Fragmento:
Entraron en la galería de bustos, donde reposan los retratos y efigies de una familia extinta hace generaciones. “Aquí,” murmuró Hawthorn, “es donde habitan los viejos dioses. Usted, doctor, trae sus nombres de las tumbas para arrastrarlos hasta la luz. Yo prefiero ver cómo bailan en la penumbra.”
Duración: 10:07
La luz en la ventana del ala vieja era la única claridad sobreviviente en toda la casona, una estrella pálida que refulgía en la noche arrastrando, como un pozo de atracción, la atención de todos los que alguna vez habían osado pisar Crabwell House. Los caminos de grava lucían húmedos y resbaladizos; las ramas crujían, pesadas e hinchadas bajo la fatiga del otoño.
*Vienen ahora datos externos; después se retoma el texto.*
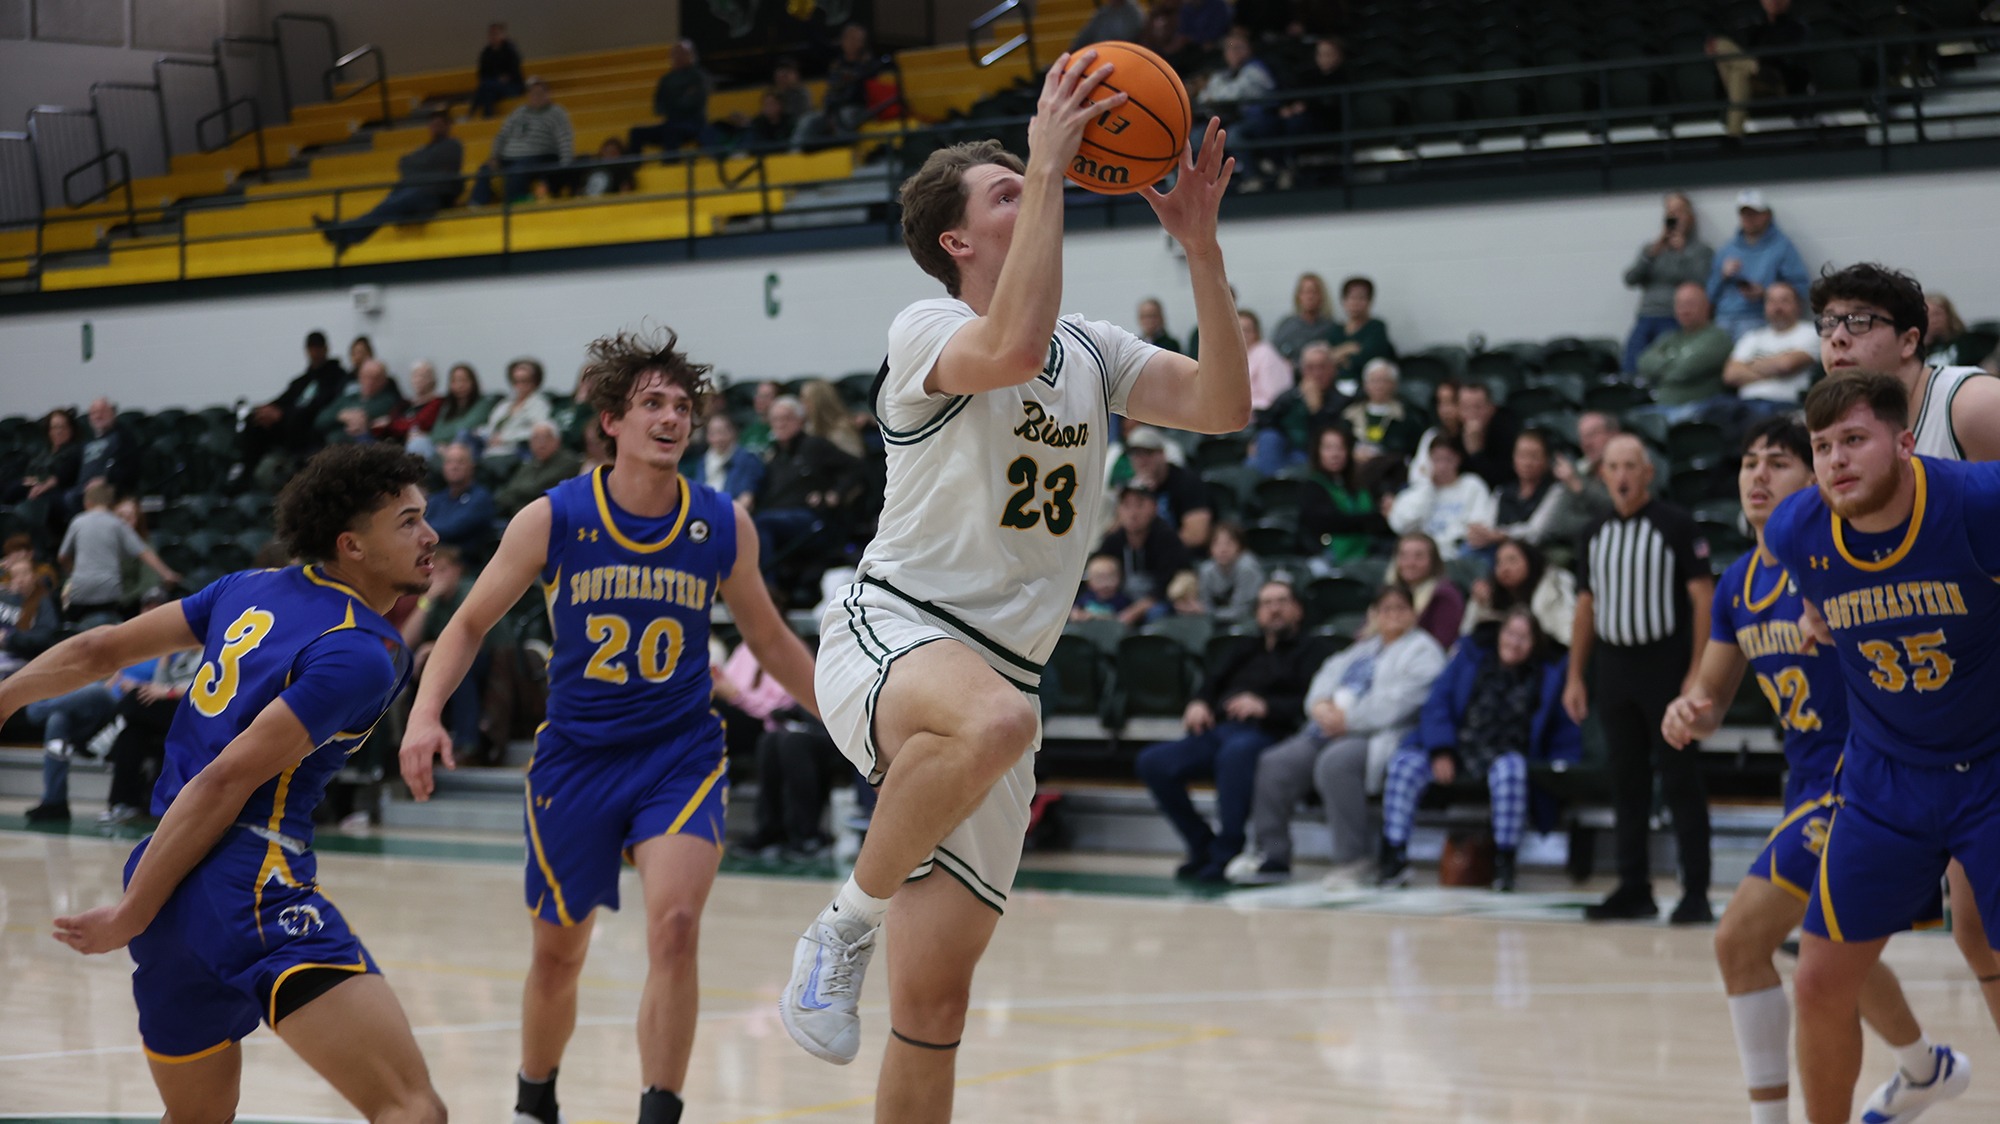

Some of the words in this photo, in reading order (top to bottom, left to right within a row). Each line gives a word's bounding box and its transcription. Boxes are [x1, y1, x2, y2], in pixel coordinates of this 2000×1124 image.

[764, 273, 781, 319] C
[1014, 400, 1089, 448] Bison
[999, 454, 1079, 537] 23
[570, 565, 707, 611] SOUTHEASTERN
[1823, 581, 1968, 630] SOUTHEASTERN
[189, 605, 275, 718] 3
[583, 612, 685, 685] 20
[1857, 628, 1956, 693] 35
Era una noche en la que los antiguos monstruos cruzan la fina película entre lo posible y lo real, y los ojos de los desprevenidos se reencuentran, después de siglos, con aquello que aprendieron demasiado pronto a no nombrar.
Esa noche, el Dr. Emory Lyttelton tenía visita. Él, arqueólogo de huesos y polvo, era más proclive a lo racional que a lo fantástico, aunque los años en Egipto y el corazón de Hungría le habían enseñado que ciertos umbrales no debían cruzarse. Su invitado arribó junto a una ráfaga de viento incapaz de colarse en la memoria; un ser enjuto cubierto por un abrigo negro cuya sonrisa, casi imperceptible para cualquier otro, le recordó al Dr. Lyttelton escenas mal grabadas de máscaras funerarias.
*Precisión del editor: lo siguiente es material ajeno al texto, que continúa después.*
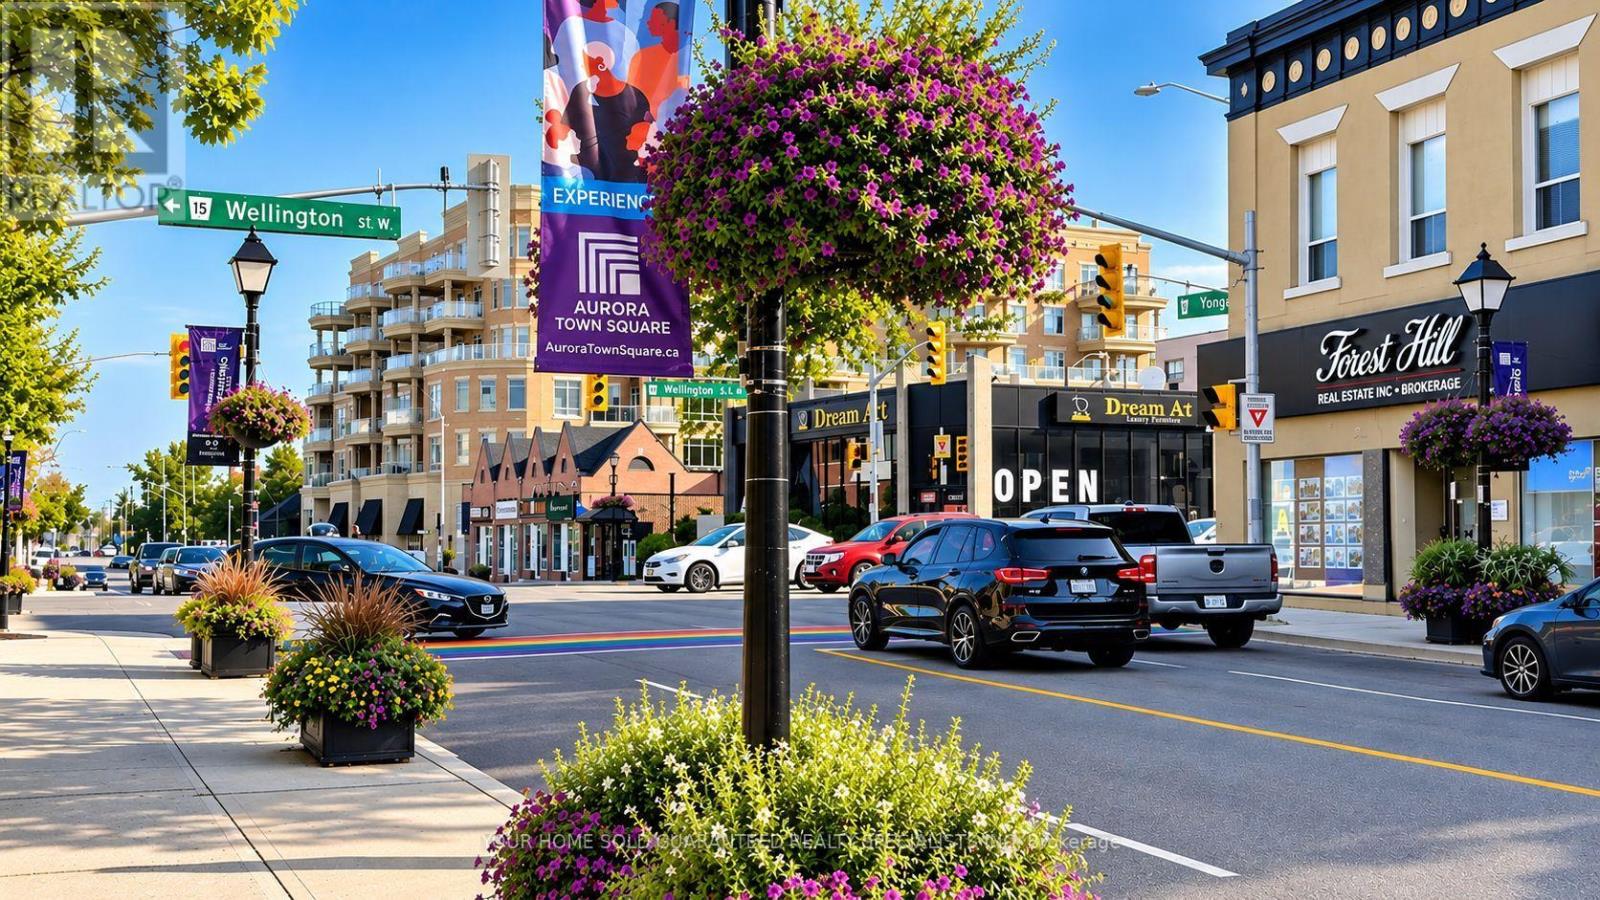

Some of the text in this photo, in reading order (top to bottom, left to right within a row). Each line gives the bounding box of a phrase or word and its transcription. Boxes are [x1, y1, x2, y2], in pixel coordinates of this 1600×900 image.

Los saludos iniciales se desgranaron en cortesías y palabras huecas; en la biblioteca, el fuego temblaba como un animal a punto de huir. El invitado —el Sr. Hawthorn, según la pequeña y apretada tarjeta de visita— preguntó por arte, por reliquias, por habitaciones poco transitadas. Cada diálogo parecía deslizarse sobre los muebles antiguos, arañando la madera sin perturbar jamás su superficie.
“En ocasiones,” comentó el Sr. Hawthorn, “los cuadros antiguos retienen más que pigmento.” Su voz era fina, aguda, burlona en sus inflexiones, pero lo que invadía a Emory era la rigidez de su boca: una mueca desmesurada, una sonrisa tan grande que apenas podía ser humana, y que no parecía ni siquiera anclada a la carne.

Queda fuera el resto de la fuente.